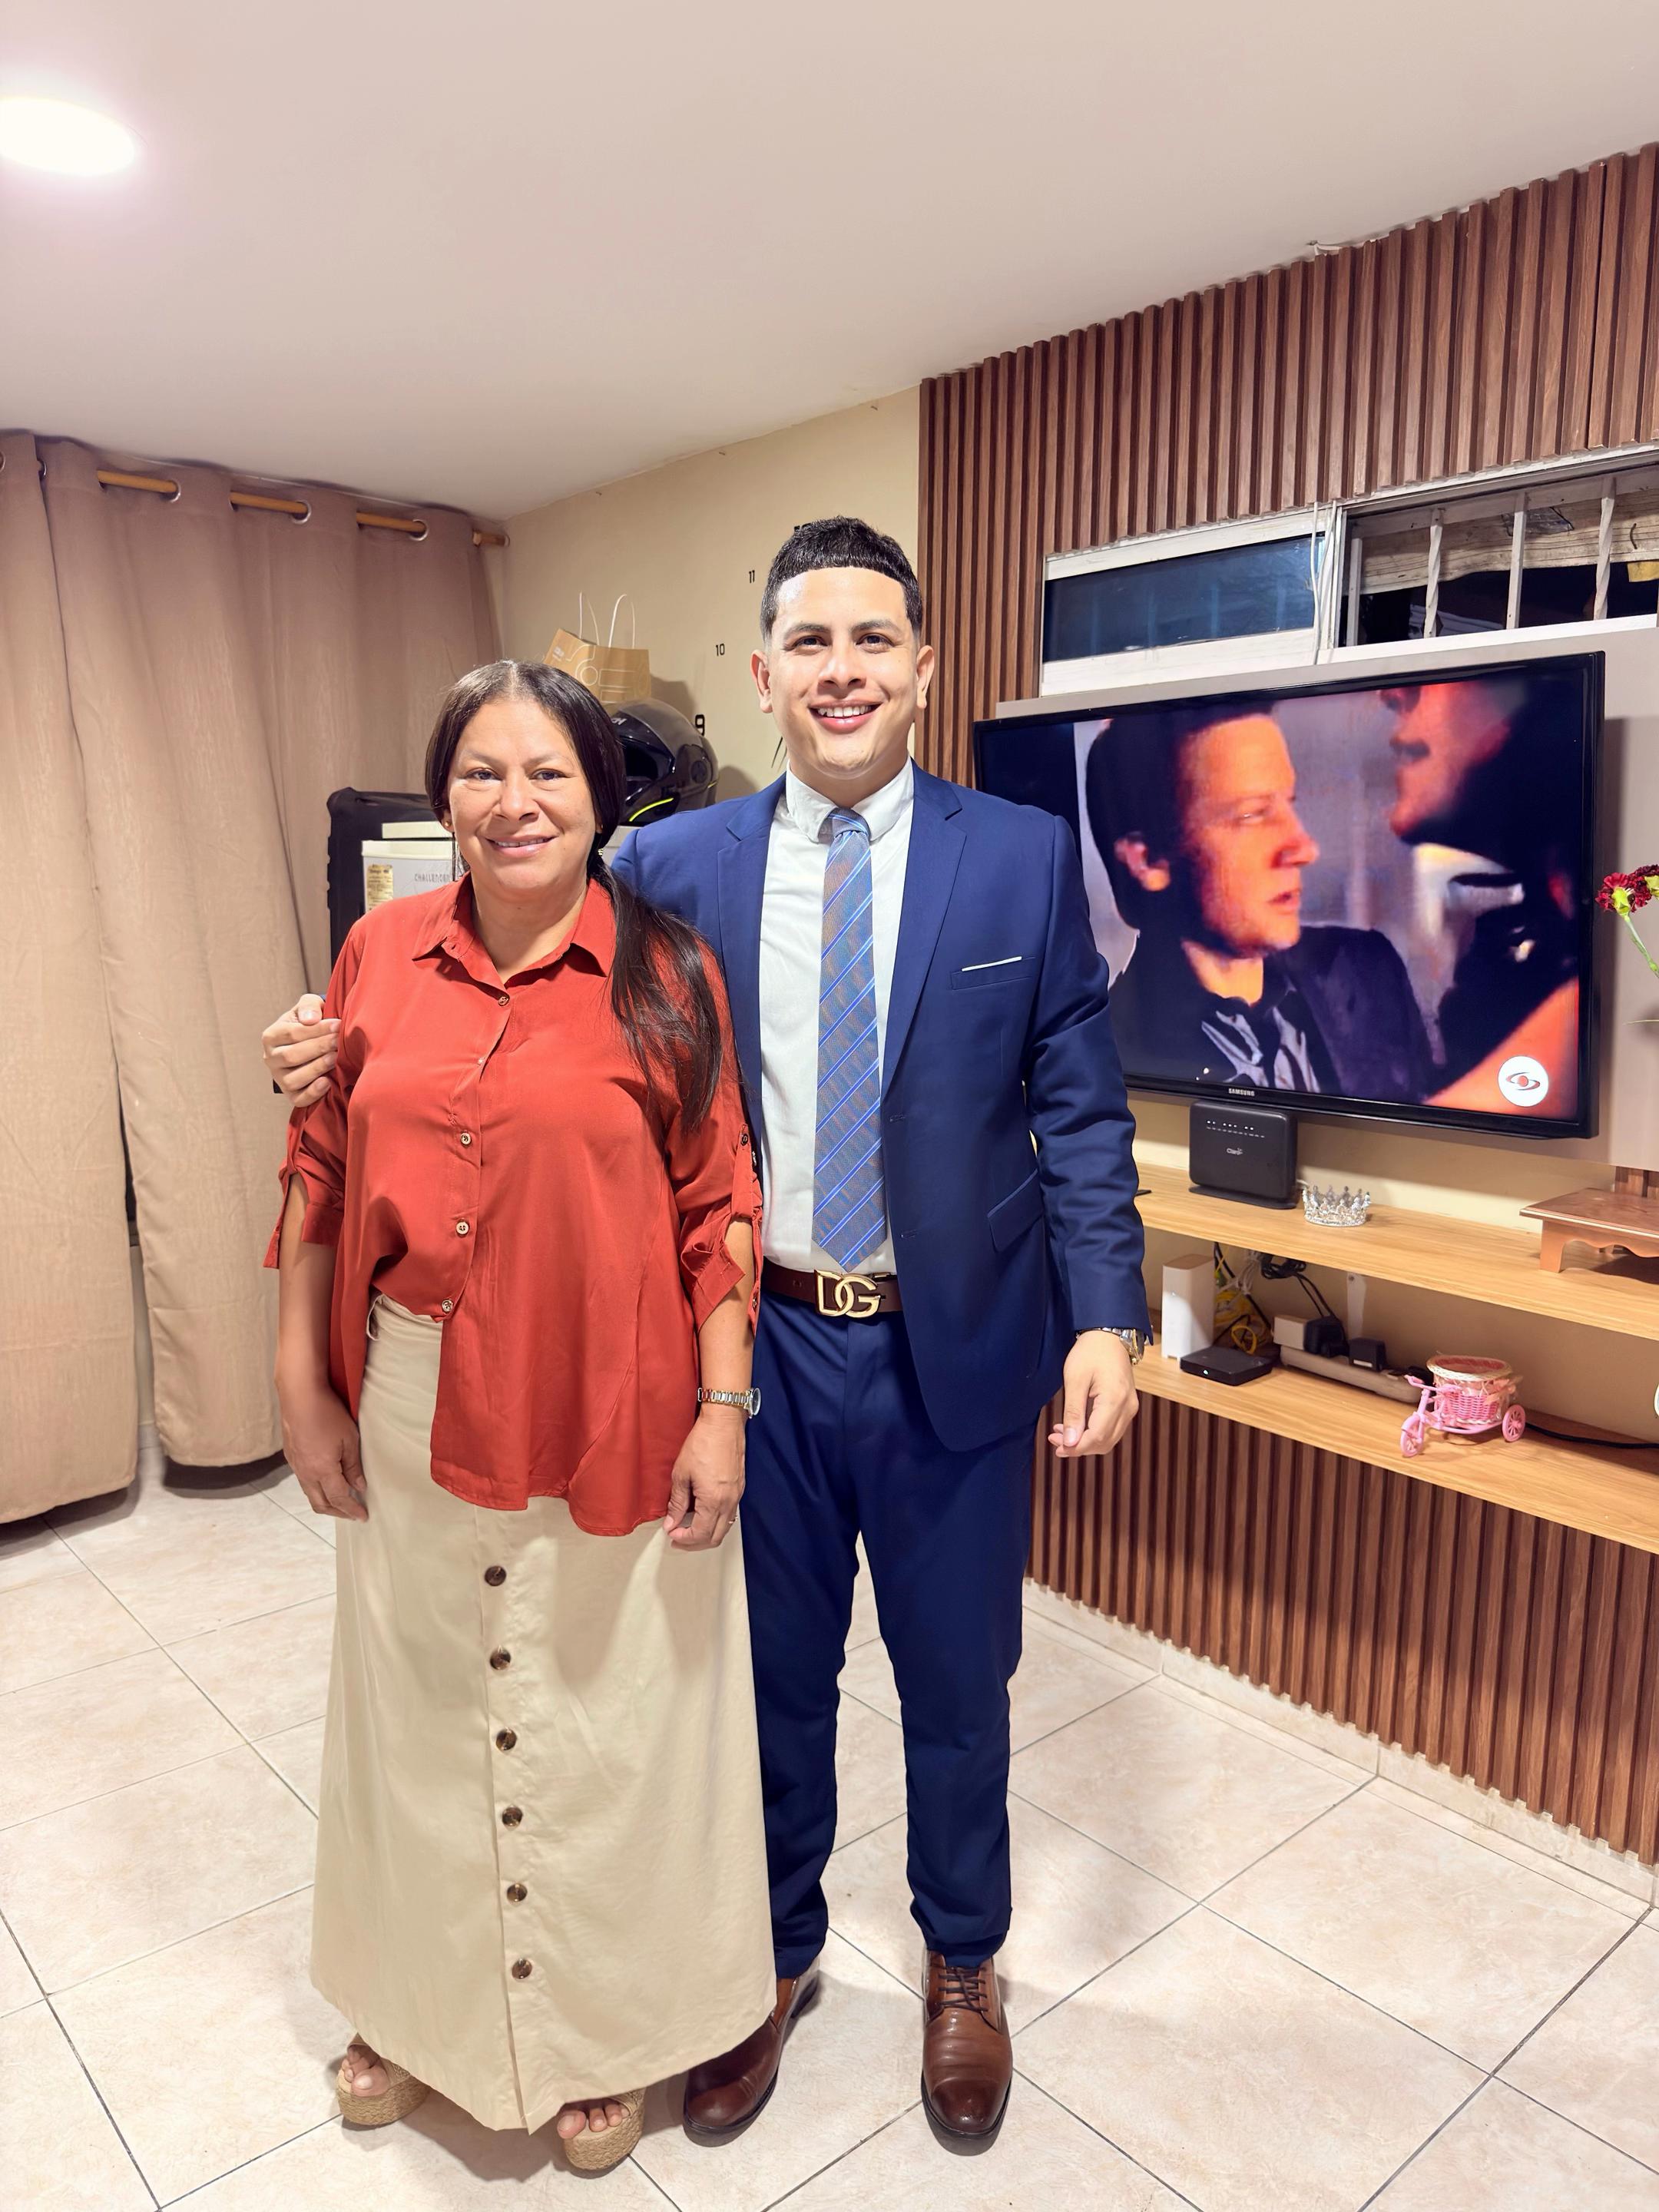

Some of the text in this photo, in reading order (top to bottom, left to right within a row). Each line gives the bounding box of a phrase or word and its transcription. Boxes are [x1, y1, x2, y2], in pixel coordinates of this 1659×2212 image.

[749, 569, 755, 584] 11
[716, 643, 725, 657] 10
[695, 714, 705, 737] 9
[816, 1270, 881, 1319] DG

┄┄┄┄┄┄

→ **ASSIGNMENT**:
Please set down the records above word for word and omit their pictures.

→ **SOLUTION TO THE EXERCISE**:
Some of the text in this photo, in reading order (top to bottom, left to right within a row). Each line gives the bounding box of a phrase or word and its transcription. Boxes are [x1, y1, x2, y2], in pixel coordinates of this 1659×2212 image.

[749, 569, 755, 584] 11
[716, 643, 725, 657] 10
[695, 714, 705, 737] 9
[816, 1270, 881, 1319] DG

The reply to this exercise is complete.